2022 Qtr. 2 Picture Story

Guest User

Doug Pizac, Quarter 2 Judge

This category was the most disappointing.  The definition for it is to tell a story where the loss of any images would hurt the interpretation.  Unfortunately, many of the entries had duplicate imagery which diluted their focus.

To tell a story is more than just images.  To properly portray an idea needs different elements -- an overall scene setter, medium shots and detail ones -- to get your message across.  And not only do you need these to tell the story, you also need verticals for layout purposes. These were missing from basically all the entries.  Out of the 82 photos that were entered, there were only THREE verticals, and even fewer detail and overall scene setter shots.  To create a newspaper picture page or magazine layout would be very difficult; to make a good picture page or layout would be near impossible without having to crop horizontals into verticals instead of having verticals to work with at the beginning.

Keep this in mind:  If all you shoot are horizontals, you may never have a full page photo in a magazine or on the cover of one.  And you’ll make the editors who create layouts angry at you in the meantime because you’ll be making their job all that more difficult to do.

First place

Nice matching photos of scenes from the past to what they look like today as comparisons.

Second place

Even though the majority of the shots are medium ones looking down, they at least told a story.
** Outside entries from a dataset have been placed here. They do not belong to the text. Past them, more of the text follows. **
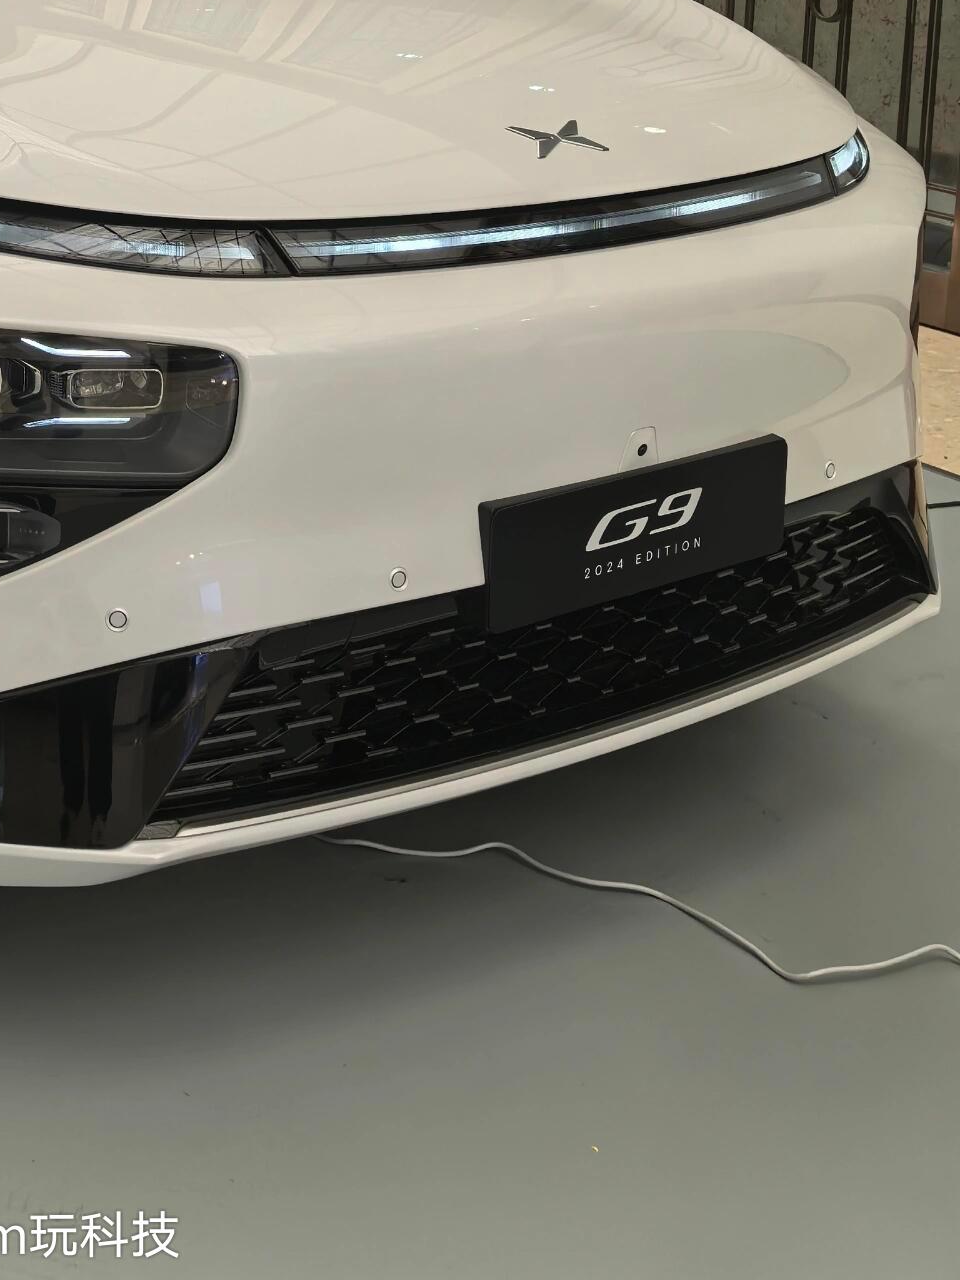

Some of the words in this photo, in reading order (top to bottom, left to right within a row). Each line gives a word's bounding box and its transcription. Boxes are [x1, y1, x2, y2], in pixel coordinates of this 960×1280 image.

[585, 487, 703, 552] G9
[584, 558, 624, 580] 2024
[635, 536, 702, 565] EDITION
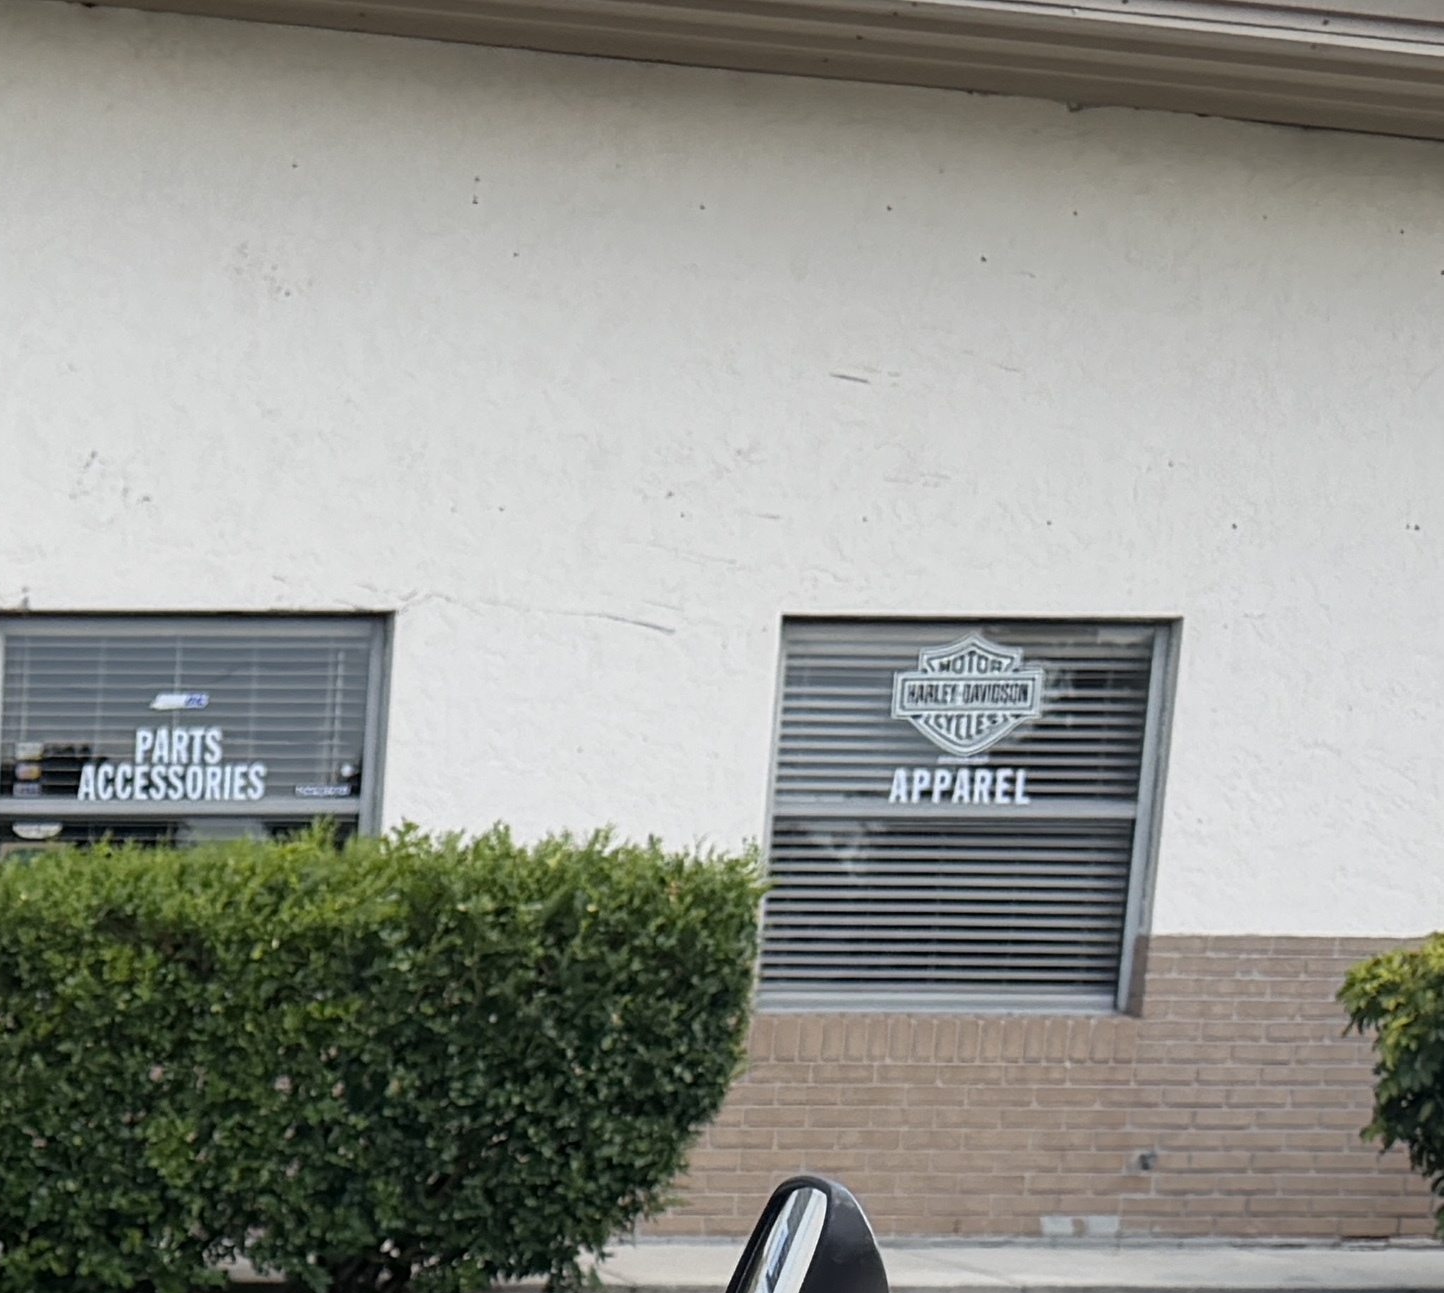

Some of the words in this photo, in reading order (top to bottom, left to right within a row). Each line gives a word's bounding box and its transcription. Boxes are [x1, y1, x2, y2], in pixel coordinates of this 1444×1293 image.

[939, 650, 1002, 674] MOTOR
[135, 726, 223, 764] PARTS
[933, 713, 1000, 740] CYCLES
[78, 762, 267, 801] ACCESSORIES
[889, 767, 1030, 805] APPAREL
First Place: Michael Nelson, Freelance


Second Place: Brandon Richardson, Long Beach Post


Meet Our Judge, Doug Pizac

 
 

Doug Pizac began his career with four summer internships at National Geographic working his way up from the b/w and color labs through photography to becoming a picture editor and doing magazine layouts. He became the team photographer for the California Angels the day after graduating from Cal State Fullerton. This introduced him to AP and UPI where he worked for both of them as a freelancer, including a temp full-time job

as an AP staffer.

After working a year at a paper in Owensboro, Kentucky shooting and doing layouts, he worked two years at the Tampa Tribune/Times doing the same before being recalled to Los Angeles for a 30+ year career at AP -- half in Los Angeles and half in Salt Lake City where his territory was from the Arizona border to Canada. While in Los Angeles he was given an outstanding dedication award by The Greater Los Angeles Press Club for his work during the 1992 riots.

Following AP he turned his attention to creating his own photography business and teaching college photo courses in SLC, and is now teaching communication classes part-time at the Vancouver campus of Washington State University. When not teaching or helping up and coming photographers, he has been judging AP-related state photo contests in the east for the past several years and spends his free time doing woodturning and woodworking projects in his Vancouver home workshop.

His wife is Betty Pizac who was a freelancer for AP and UPI in Seattle, and an AP-L.A. photo editor. They have two children.